■ **Task to carry out**
Print the entries exactly; no image belongs in the copy.

══ Provided records

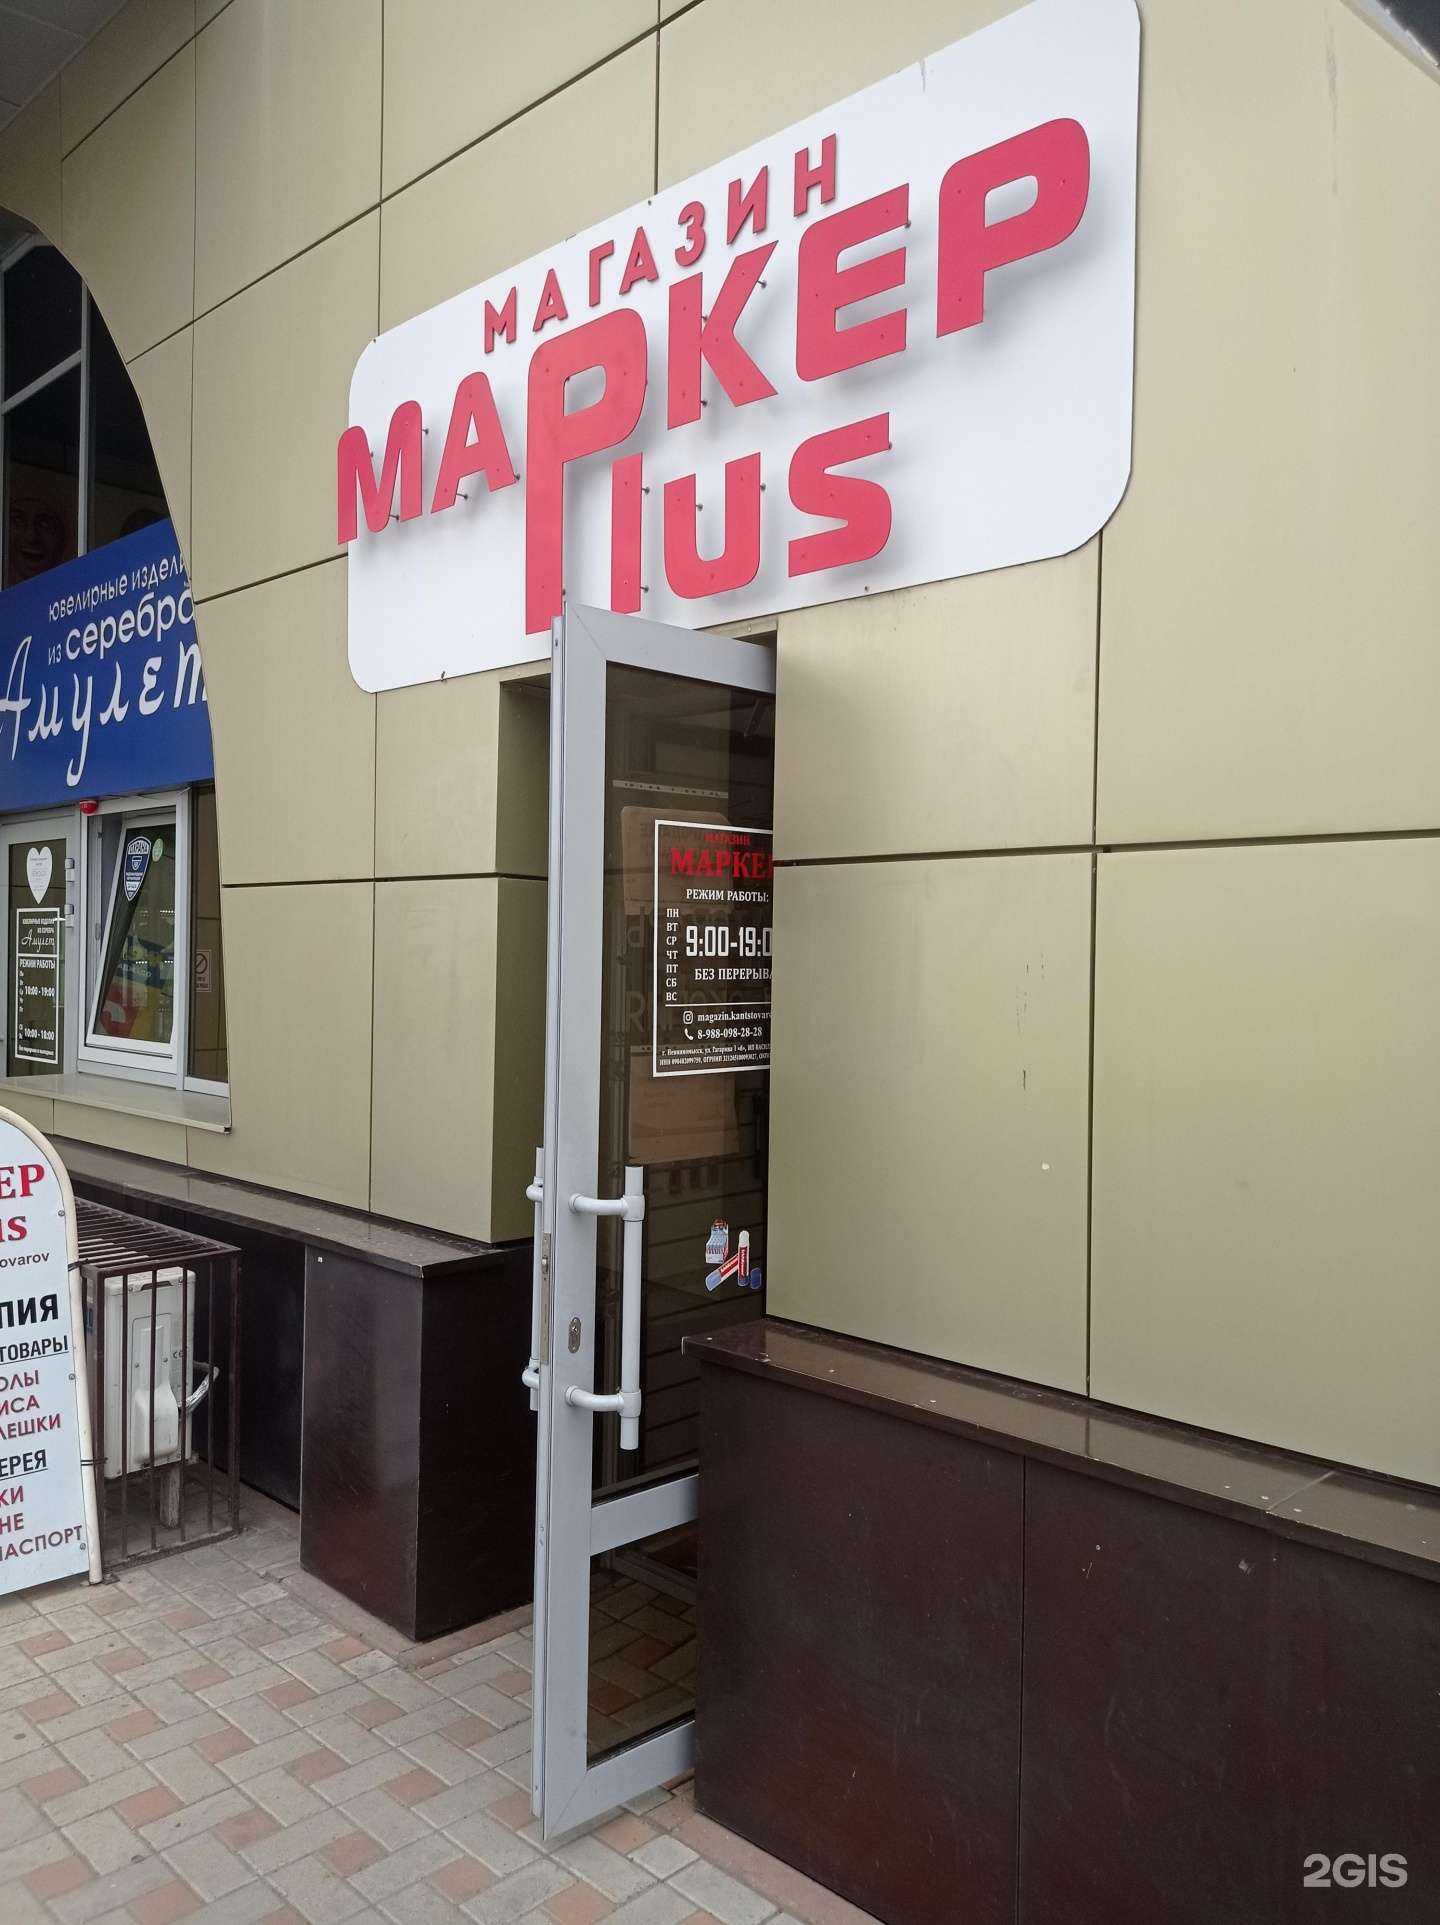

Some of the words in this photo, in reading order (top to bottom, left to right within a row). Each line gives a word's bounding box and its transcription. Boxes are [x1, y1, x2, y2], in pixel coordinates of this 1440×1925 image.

[484, 133, 837, 354] МАГАЗИН
[337, 117, 1091, 635] МАРКЕР
[49, 573, 128, 622] ювелирные
[48, 643, 62, 665] из
[686, 888, 724, 901] РЕЖИМ
[727, 890, 769, 903] РАБОТЫ:
[666, 908, 679, 918] ПН
[666, 922, 679, 932] ВТ
[22, 928, 55, 953] Амулет
[666, 936, 677, 946] СР
[666, 950, 679, 960] ЧТ
[666, 964, 679, 973] ПТ
[695, 968, 715, 981] БЕЗ
[666, 978, 677, 987] СБ
[666, 991, 677, 1001] ВС
[697, 1026, 763, 1040] 8-988-098-28-28
[0, 1525, 83, 1562] АСПОРТ
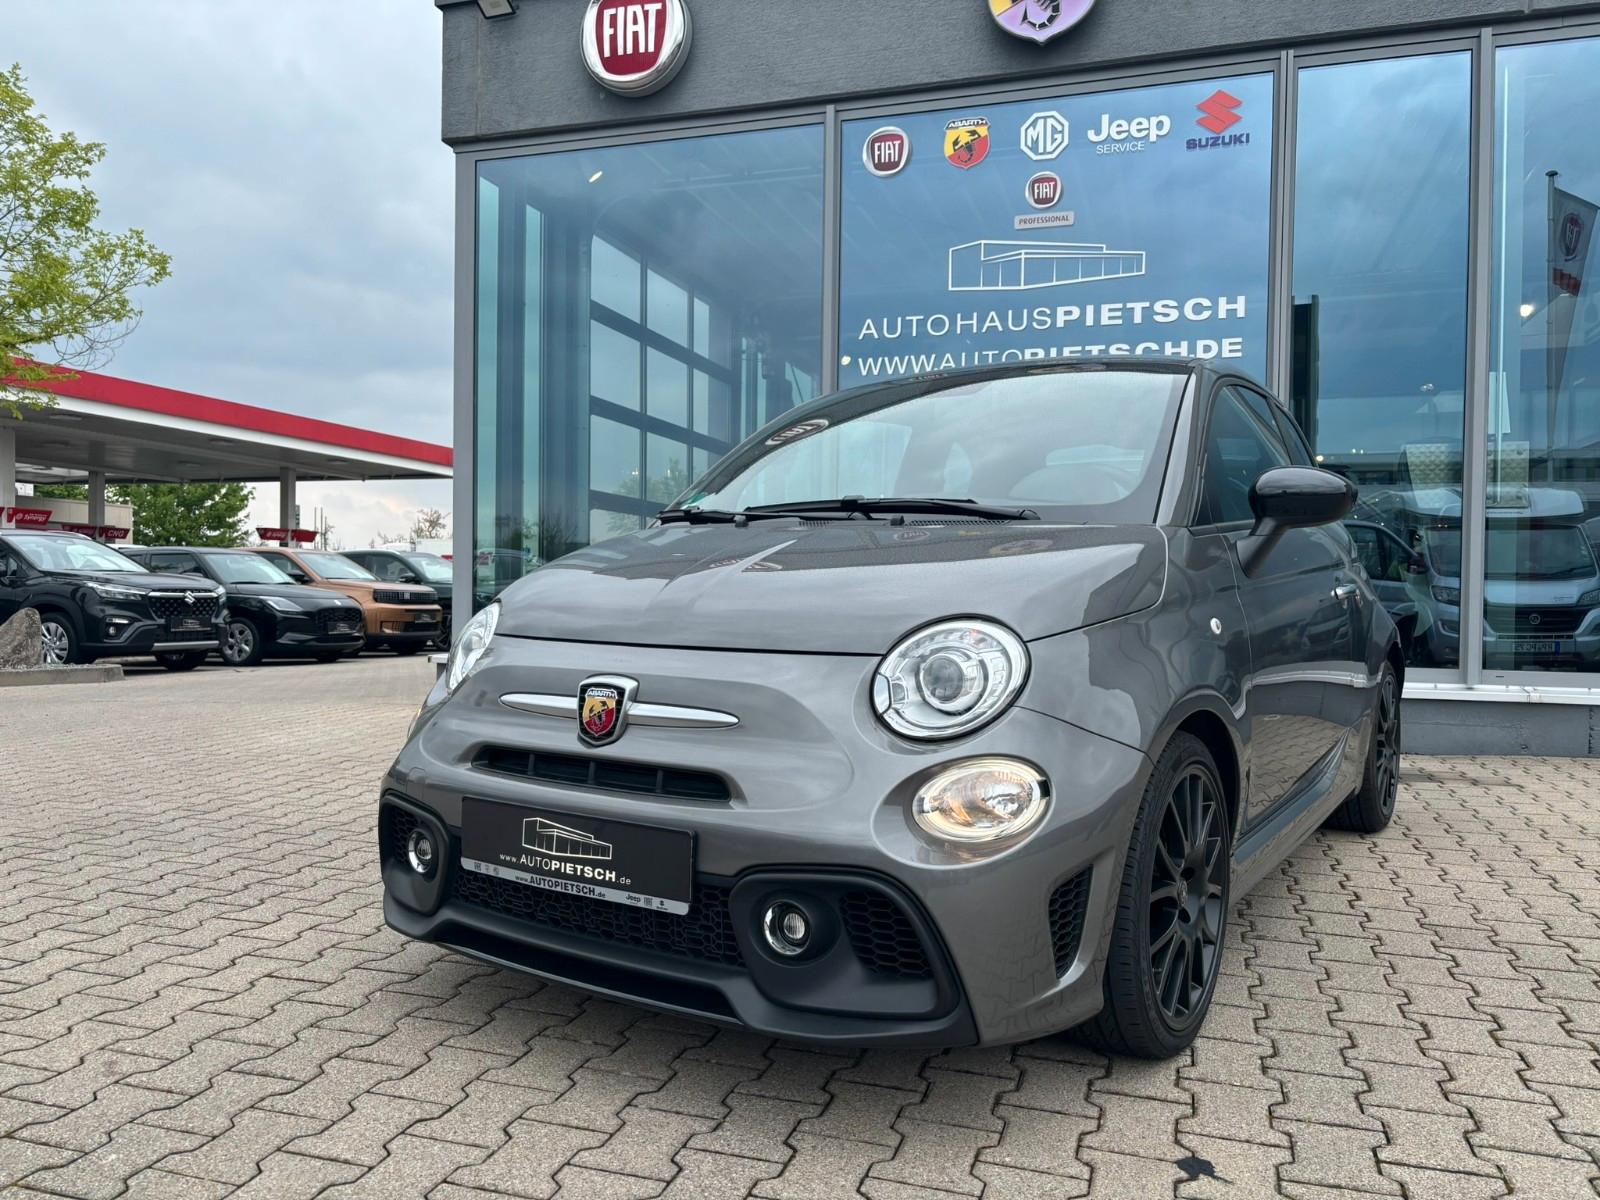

════

■ **Solution**
Some of the words in this photo, in reading order (top to bottom, left to right within a row). Each line gives a word's bounding box and its transcription. Boxes are [x1, y1, x2, y2], in pixel coordinates of this 1440×1925 image.

[484, 133, 837, 354] МАГАЗИН
[337, 117, 1091, 635] МАРКЕР
[49, 573, 128, 622] ювелирные
[48, 643, 62, 665] из
[686, 888, 724, 901] РЕЖИМ
[727, 890, 769, 903] РАБОТЫ:
[666, 908, 679, 918] ПН
[666, 922, 679, 932] ВТ
[22, 928, 55, 953] Амулет
[666, 936, 677, 946] СР
[666, 950, 679, 960] ЧТ
[666, 964, 679, 973] ПТ
[695, 968, 715, 981] БЕЗ
[666, 978, 677, 987] СБ
[666, 991, 677, 1001] ВС
[697, 1026, 763, 1040] 8-988-098-28-28
[0, 1525, 83, 1562] АСПОРТ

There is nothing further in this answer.